Word for word, print each record, dropping any image it holds.

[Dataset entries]

# # # #

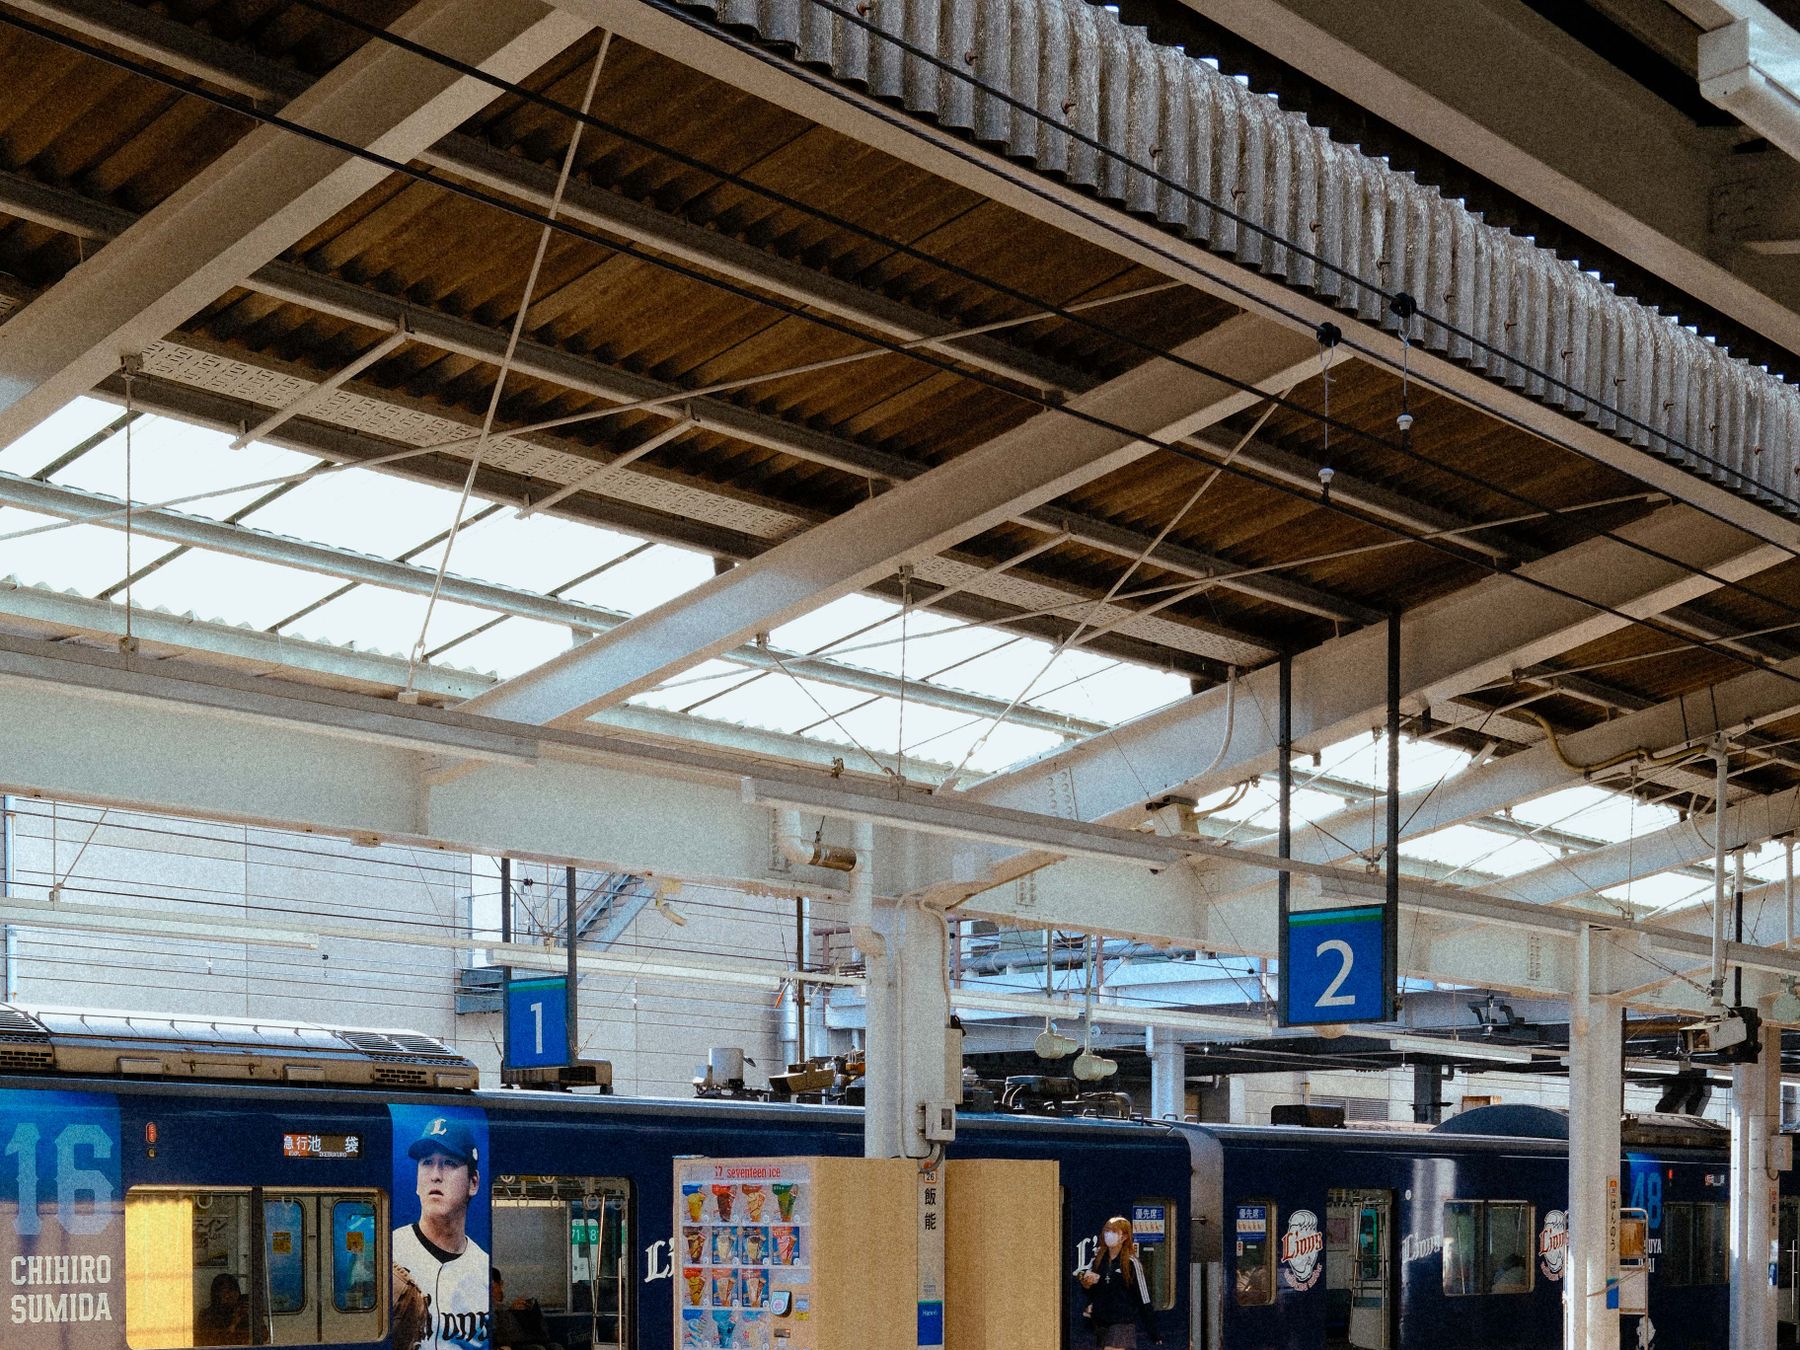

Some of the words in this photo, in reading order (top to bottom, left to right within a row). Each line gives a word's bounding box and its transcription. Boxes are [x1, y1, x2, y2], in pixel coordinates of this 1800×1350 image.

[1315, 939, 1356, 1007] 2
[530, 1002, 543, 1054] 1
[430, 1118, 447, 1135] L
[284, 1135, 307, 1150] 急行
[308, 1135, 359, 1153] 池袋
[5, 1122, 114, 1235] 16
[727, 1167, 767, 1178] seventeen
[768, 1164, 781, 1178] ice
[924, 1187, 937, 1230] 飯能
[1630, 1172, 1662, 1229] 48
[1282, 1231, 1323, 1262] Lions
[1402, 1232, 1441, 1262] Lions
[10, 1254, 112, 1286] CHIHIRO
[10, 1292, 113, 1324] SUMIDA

# # # #

> **ANSWER TO THIS TASK**
Some of the words in this photo, in reading order (top to bottom, left to right within a row). Each line gives a word's bounding box and its transcription. Boxes are [x1, y1, x2, y2], in pixel coordinates of this 1800×1350 image.

[1315, 939, 1356, 1007] 2
[530, 1002, 543, 1054] 1
[430, 1118, 447, 1135] L
[284, 1135, 307, 1150] 急行
[308, 1135, 359, 1153] 池袋
[5, 1122, 114, 1235] 16
[727, 1167, 767, 1178] seventeen
[768, 1164, 781, 1178] ice
[924, 1187, 937, 1230] 飯能
[1630, 1172, 1662, 1229] 48
[1282, 1231, 1323, 1262] Lions
[1402, 1232, 1441, 1262] Lions
[10, 1254, 112, 1286] CHIHIRO
[10, 1292, 113, 1324] SUMIDA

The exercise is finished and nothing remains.